Honey, by contrast, contains plant flavonoids — quercetin and lutenin — that are natural regulators of mast cells. They act as the guard dogs of our immune systems, defending against pathogens. “When I think about honey being used to soothe sore throats and I think about the antibacterial properties in honey, that makes sense,” Plotnikoff says.
If we avoid honey because of its sugars, he explains, we also miss out on its benefits. And that’s not all.
“When you make the case for honey,” he says, “you’re really making a logical case for us to consider many things.” Many things such as: If bees pollinate a third of all the things we eat, like apples and almonds, zucchini and cashews, oranges and chocolate — what do we owe them? Do we owe them the responsibility of seeing them, knowing about them, and supporting good beekeepers?
I think we do. So does Plotnikoff. “We owe ourselves to think about honey as more than just another sugar bowl,” he says.
La Dolce Vita
When you’re deciding what to eat and what to avoid, Plotnikoff emphasizes that there’s a big difference between nutrition and nourishment.
“Meals are nourishing, because they’re connected, they’re engaged, they’re connected to nature and the world,” he explains. “If you step outside to harvest your salad, that’s nourishing in many ways beyond nutrition. Honey from a farmers’ market, where you can connect with the family tending the bees and have this human connection? That’s nourishing. But if you trust a factory with your choices, is that nourishing? I’d argue no.”
There are many reasons it’s important to feel a connection to what we eat, Plotnikoff adds. “I see more people in my practice suffering from disconnectedness. We’re disconnected from each other, we’re disconnected from nature.”

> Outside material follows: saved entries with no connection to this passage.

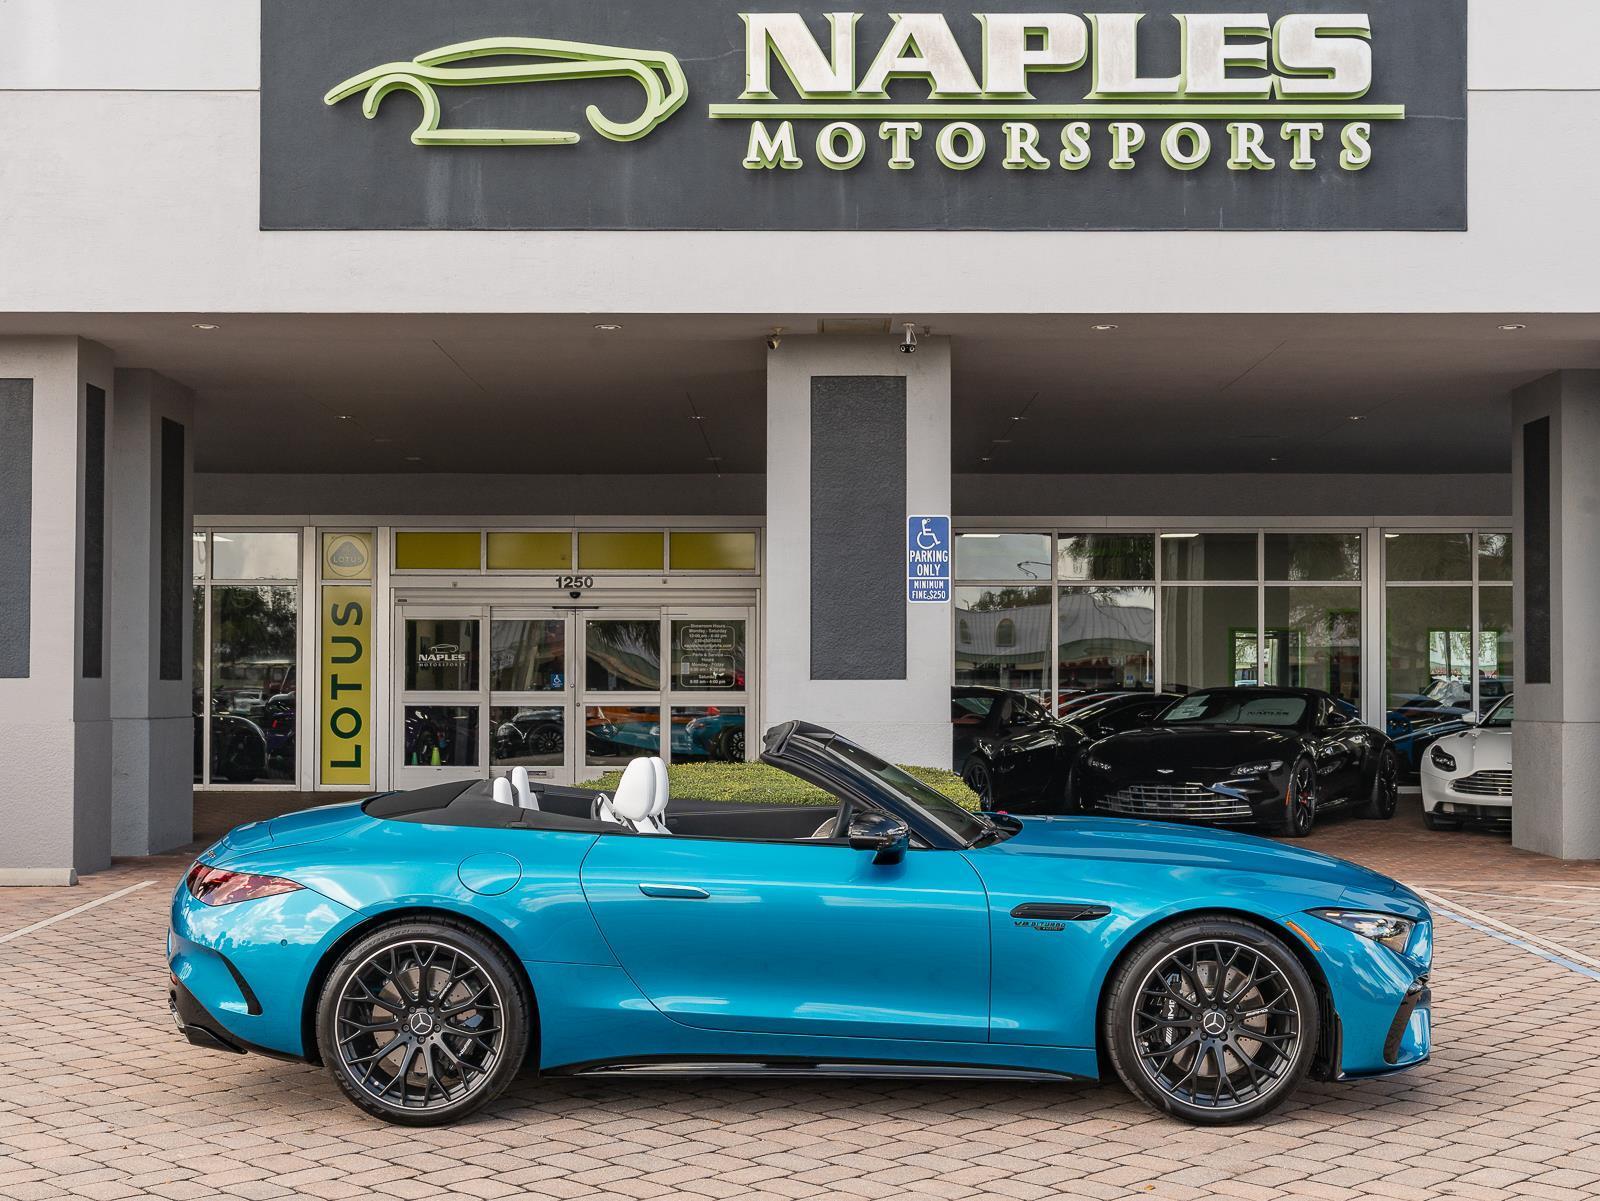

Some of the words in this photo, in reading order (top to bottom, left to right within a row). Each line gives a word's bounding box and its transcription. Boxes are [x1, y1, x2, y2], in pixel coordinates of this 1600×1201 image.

[737, 12, 1372, 100] NAPLES
[742, 120, 1373, 171] MOTORSPORTS
[332, 555, 363, 563] LOTUS
[909, 550, 948, 562] PARKING
[916, 563, 941, 576] ONLY
[555, 576, 594, 589] 1250
[913, 580, 944, 589] MINIMUM
[911, 590, 927, 599] FINE
[929, 590, 946, 600] $250
[330, 601, 363, 768] LOTUS

Perhaps meeting a family that tends bees can be one step toward greater connection. “We change the culture, and our health, one choice at a time. Honey is really that link to many of today’s important themes. La dolce vita, right?”
Yes. I agree. Not only is honey one of today’s important themes, it’s one of the everyday miracles, like the ocean and the stars, that we’re better off appreciating.
Of course, if no one is taking the time to find good local honey, or to appreciate the astonishment that is honeybees, who will support the wild spaces where honeybees create a sweet, sticky, everyday miracle?
It has to be us. We need to work to ensure there are still grasslands and flowers and plants for bees to pollinate and make the honey that improves our world in countless ways. The rewards will be sweet.